Exercise brief:
Reproduce the records below exactly as they are written.

Data excerpts:
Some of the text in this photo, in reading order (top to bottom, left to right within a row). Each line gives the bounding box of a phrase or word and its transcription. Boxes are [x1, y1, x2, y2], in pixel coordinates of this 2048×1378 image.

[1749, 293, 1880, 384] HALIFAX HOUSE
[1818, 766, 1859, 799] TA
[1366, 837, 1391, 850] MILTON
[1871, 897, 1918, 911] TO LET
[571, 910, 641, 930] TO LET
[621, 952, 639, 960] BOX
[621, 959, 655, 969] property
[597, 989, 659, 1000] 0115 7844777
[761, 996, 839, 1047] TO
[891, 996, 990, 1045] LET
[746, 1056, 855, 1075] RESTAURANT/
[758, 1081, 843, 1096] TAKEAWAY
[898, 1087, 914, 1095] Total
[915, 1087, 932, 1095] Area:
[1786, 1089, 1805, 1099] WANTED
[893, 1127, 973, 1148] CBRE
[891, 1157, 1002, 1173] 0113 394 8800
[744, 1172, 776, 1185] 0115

Answer to this task:
Some of the text in this photo, in reading order (top to bottom, left to right within a row). Each line gives the bounding box of a phrase or word and its transcription. Boxes are [x1, y1, x2, y2], in pixel coordinates of this 2048×1378 image.

[1749, 293, 1880, 384] HALIFAX HOUSE
[1818, 766, 1859, 799] TA
[1366, 837, 1391, 850] MILTON
[1871, 897, 1918, 911] TO LET
[571, 910, 641, 930] TO LET
[621, 952, 639, 960] BOX
[621, 959, 655, 969] property
[597, 989, 659, 1000] 0115 7844777
[761, 996, 839, 1047] TO
[891, 996, 990, 1045] LET
[746, 1056, 855, 1075] RESTAURANT/
[758, 1081, 843, 1096] TAKEAWAY
[898, 1087, 914, 1095] Total
[915, 1087, 932, 1095] Area:
[1786, 1089, 1805, 1099] WANTED
[893, 1127, 973, 1148] CBRE
[891, 1157, 1002, 1173] 0113 394 8800
[744, 1172, 776, 1185] 0115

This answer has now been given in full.